32. The diagnostic agent of claim 31, wherein detection of 5T 4-positive circulating tumor cells in the blood sample indicates the presence of an early stage 5T 4-positive cancer in the mammalian subject.

33. The diagnostic agent of claim 31, wherein detection of the absence of 5T 4-positive circulating tumor cells in the blood sample indicates that the mammalian subject is in a disease-free state or a non-measurable disease state, wherein the disease is 5T 4-positive cancer.

34. The diagnostic agent of claim 31, wherein detection of the presence or absence of 5T 4-positive circulating tumor cells in the blood sample is indicative of 5T 4-positive cancer treatment or treatment management during cancer recovery.

35. The diagnostic agent of claim 31, wherein said cell population is a mixed cell population.

36. The diagnostic agent of claim 31, wherein said matrix is a planar matrix.

37. A diagnostic agent according to claim 31 wherein the substrate is a microfluidic device.

38. The diagnostic agent of claim 31, wherein the matrix is a cassette that holds an enriched cell population.

39. A diagnostic agent as claimed in claim 31 wherein the sample is placed on the substrate to form a biological monolayer.

40. The diagnostic agent of claim 31, wherein said first label, said second label, said third label, or said fourth label is detected using fluorescence.

41. A diagnostic agent as claimed in claim 31 wherein said first marker is used to analyse said population of cells by nuclear details, nuclear contours, the presence or absence of nucleoli, cytoplasmic traits or the amount of cytoplasm.

42. The diagnostic agent of claim 41, wherein said first marker is DAPI.

43. The diagnostic agent of claim 41, wherein analyzing said cell population further comprises measuring intact cells with a high nuclear to cytoplasmic ratio, intact cells with a low nuclear to cytoplasmic ratio, early apoptotic cells, or late apoptotic cells analyzing said cell population and identifying said circulating tumor cells and circulating tumor cell clusters.

44. The diagnostic agent of claim 31, wherein said analysis further comprises cell staining to identify said circulating tumor cells by morphology, size or nuclear to cytoplasmic ratio.

45. The diagnostic agent of claim 44, wherein the cell staining is performed using a Giemsa rapae dye.

46. The diagnostic agent of claim 31, wherein analyzing said cell population further comprises analyzing attachment of cells to said substrate, scanning said cell population on said substrate, and imaging said cells with repositioning by digital microscopy.

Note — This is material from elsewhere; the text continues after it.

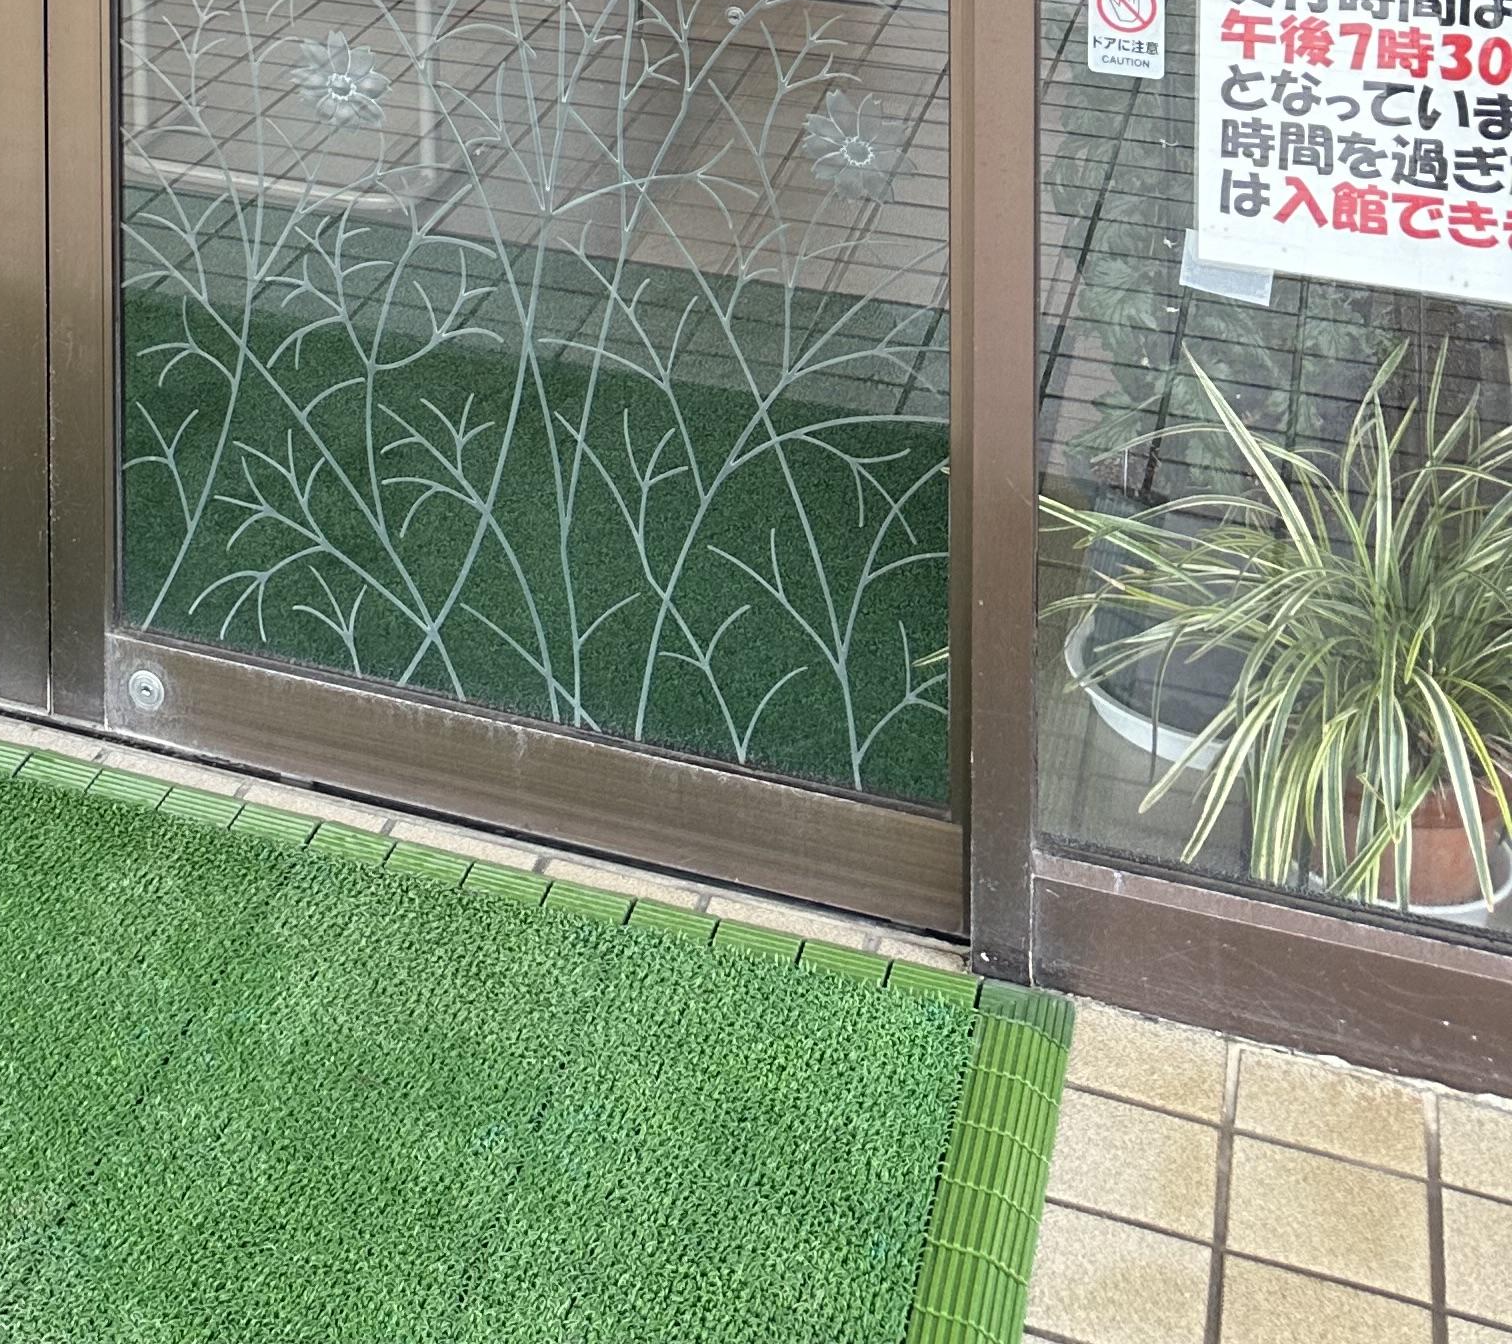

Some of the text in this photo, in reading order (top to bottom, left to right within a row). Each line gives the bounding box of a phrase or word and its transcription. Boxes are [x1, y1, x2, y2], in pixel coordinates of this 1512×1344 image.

47. The diagnostic agent of claim 31, wherein analyzing the cell population further comprises quantifying human 5T4 antigen on the circulating tumor cells to produce an H-score, wherein the H-score is used to select a population of 5T 4-positive cancer patients.

48. The diagnostic agent of claim 31, wherein detection of the presence of 5T4 positive circulating tumor cells in the blood sample indicates the presence of a 5T4 positive cancer in the mammalian subject.

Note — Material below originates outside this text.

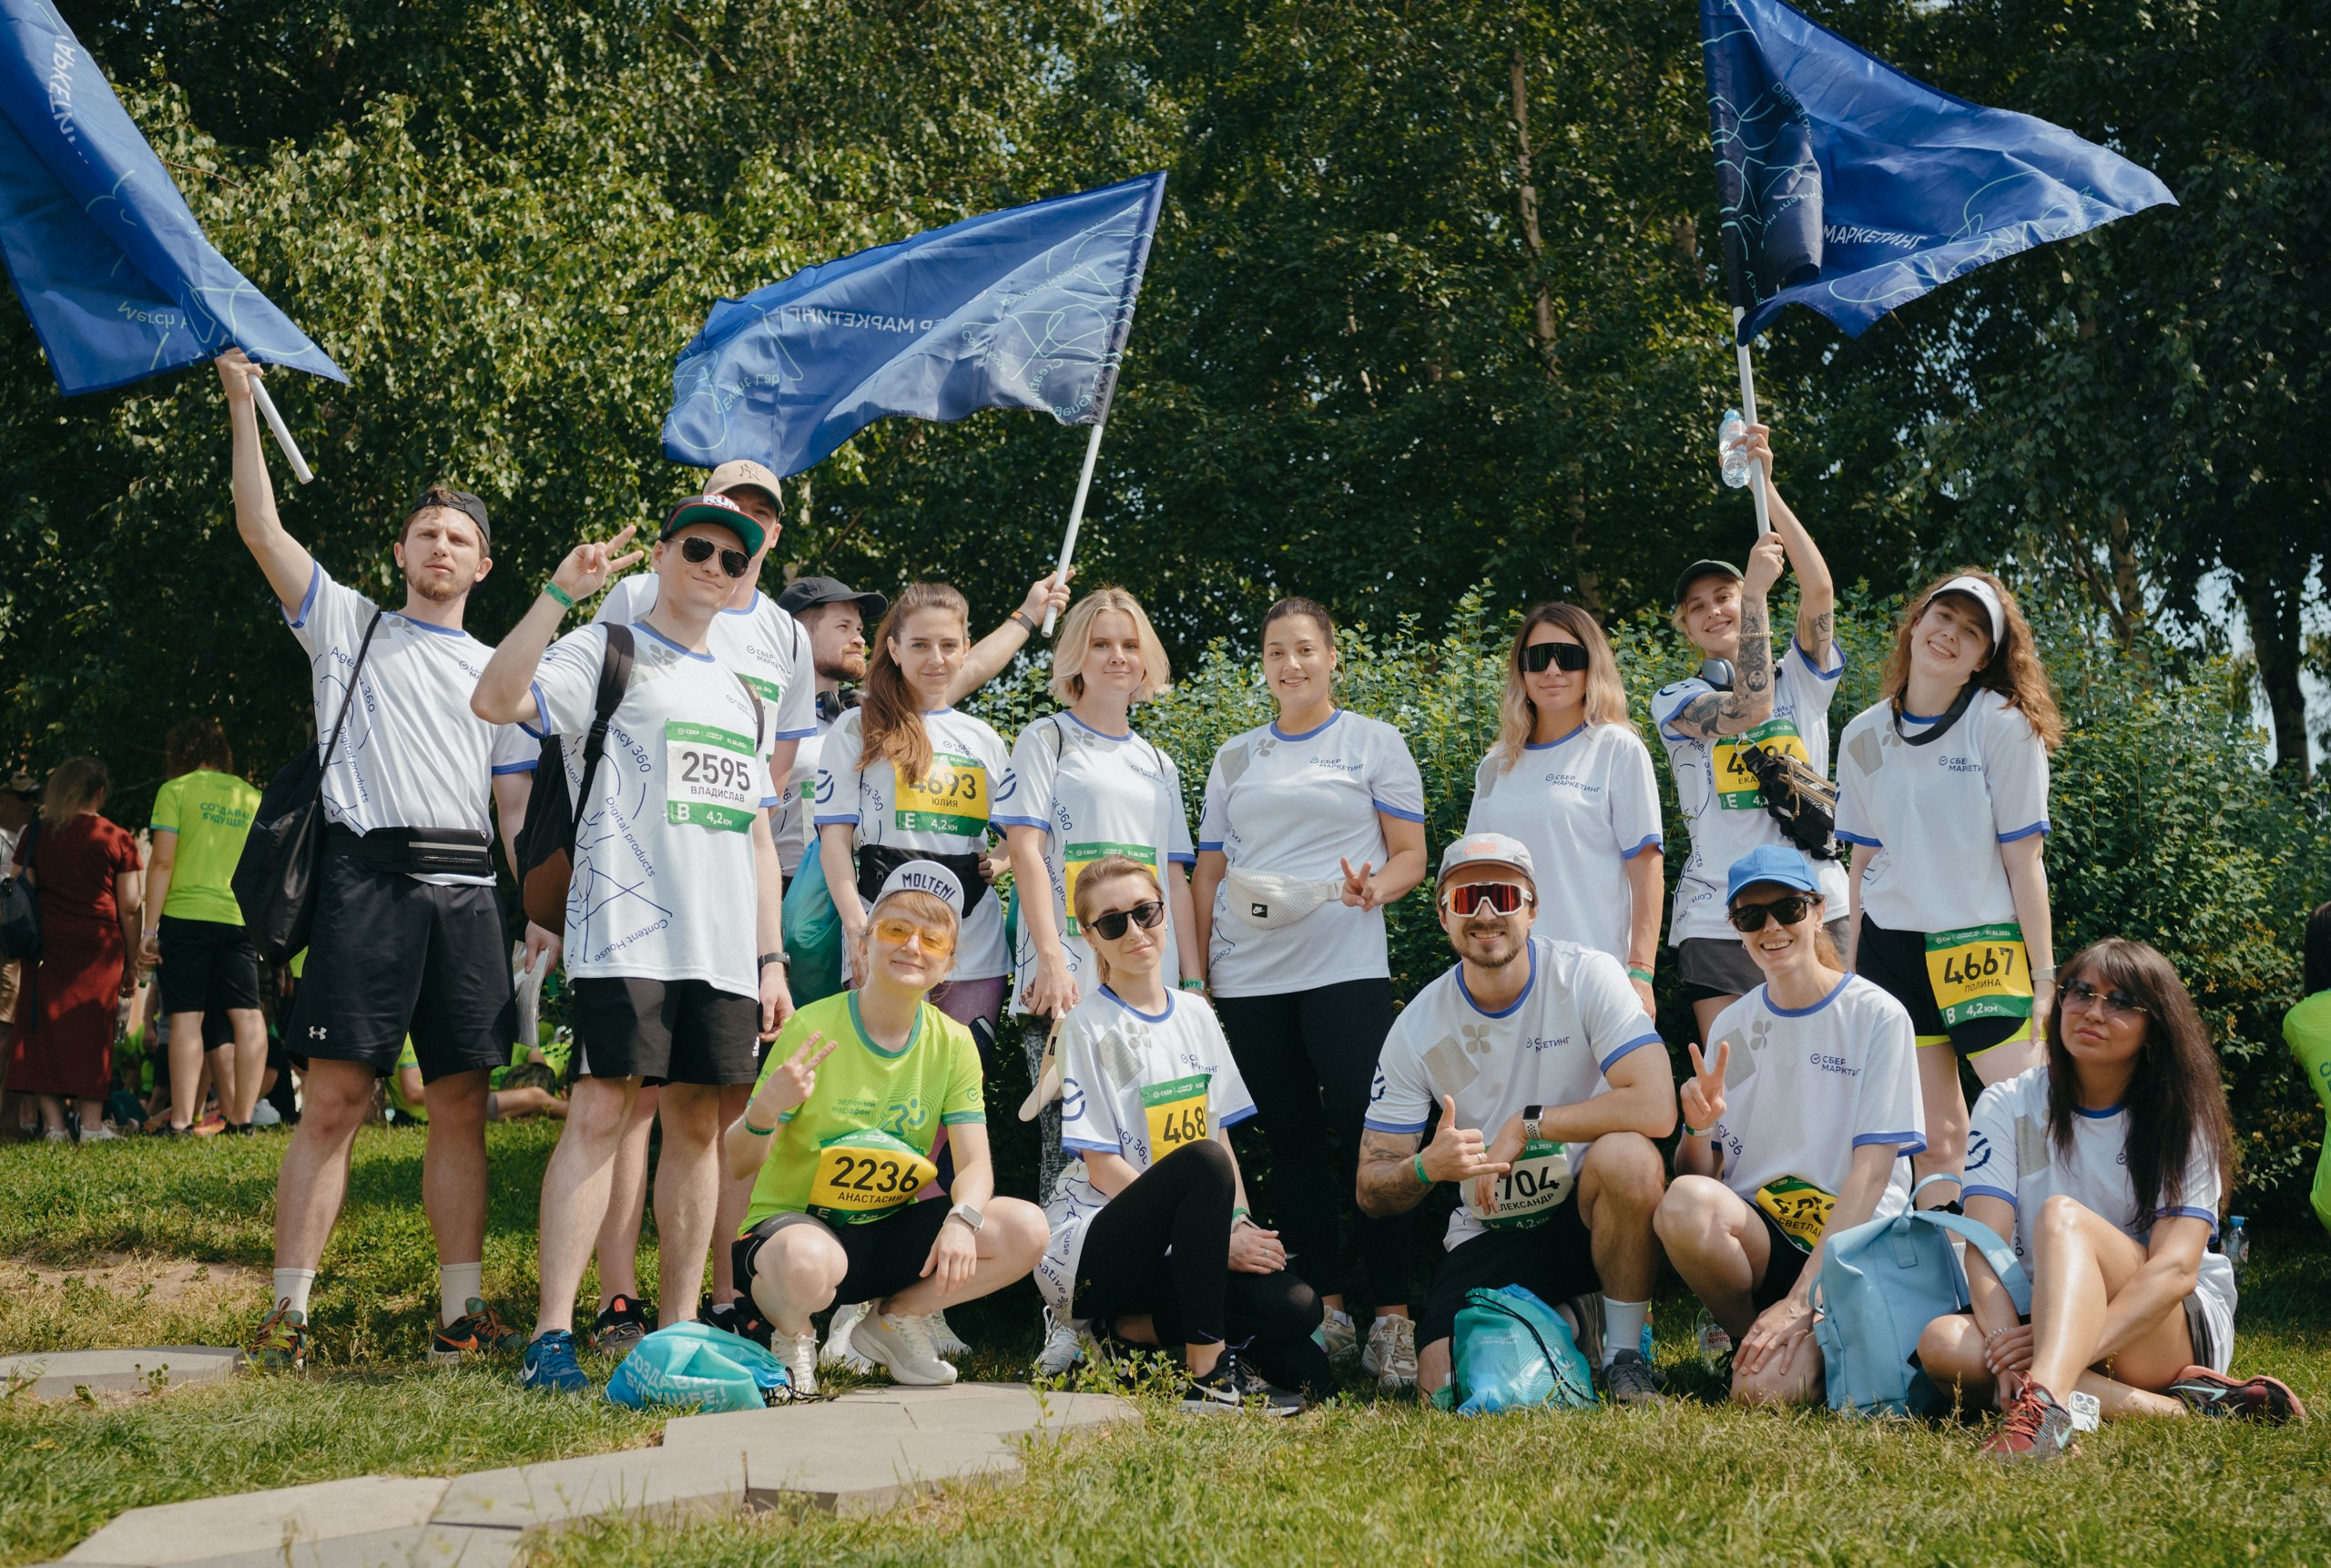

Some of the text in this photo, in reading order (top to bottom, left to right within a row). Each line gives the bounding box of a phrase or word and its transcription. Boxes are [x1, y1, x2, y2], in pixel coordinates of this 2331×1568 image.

49. The diagnostic agent of claim 31, wherein the 5T 4-positive cancer is selected from the group consisting of bladder cancer, breast cancer, cervical cancer, colon cancer, endometrial cancer, kidney cancer, lung cancer, esophageal cancer, ovarian cancer, prostate cancer, pancreatic cancer, skin cancer, stomach cancer, and testicular cancer.

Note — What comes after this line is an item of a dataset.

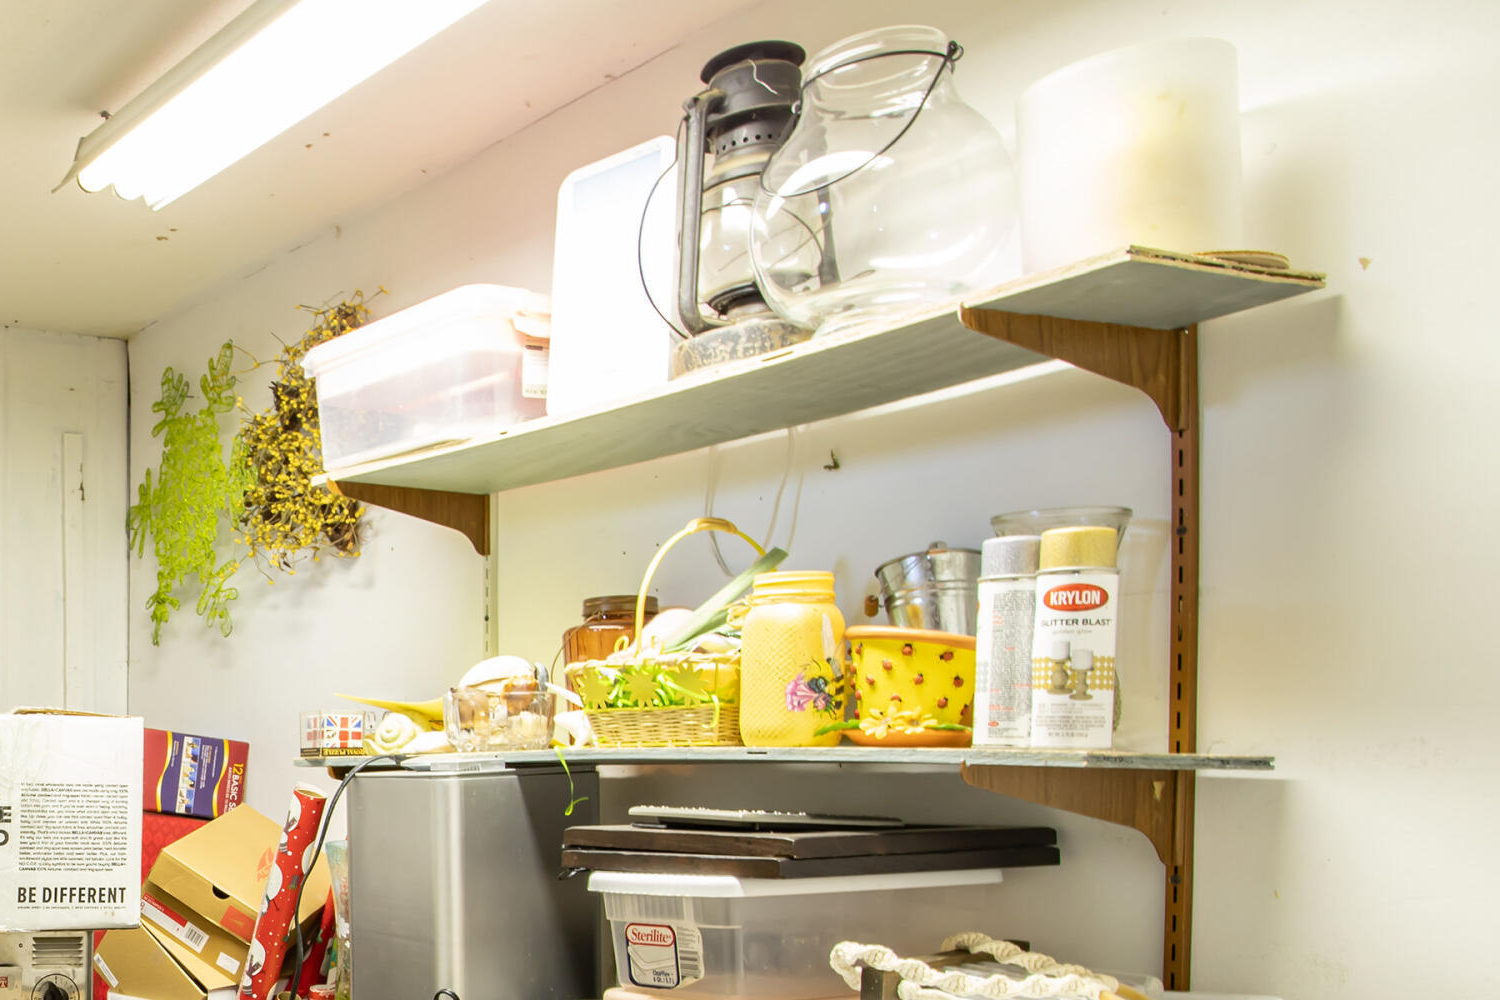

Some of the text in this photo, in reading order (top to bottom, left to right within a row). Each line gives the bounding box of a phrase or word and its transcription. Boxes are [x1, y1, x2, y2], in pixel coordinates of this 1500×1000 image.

[1050, 591, 1100, 605] KRYLON
[230, 763, 244, 800] 12 BASIC
[18, 887, 126, 903] BE DIFFERENT
[631, 927, 671, 943] Sterilite

50. The diagnostic agent of claim 31, wherein detection of the presence of the first marker, the presence of the second marker, the absence of the third marker, and the presence of the fourth marker indicates the presence of 5T4 positive circulating tumor cells.

51. The diagnostic agent of claim 31, wherein the presence of the first marker, the presence of the second marker, the absence of the third marker, and the presence of the fourth marker are detected for determining inclusion of a mammalian individual in a treatment for a 5T 4-positive cancer.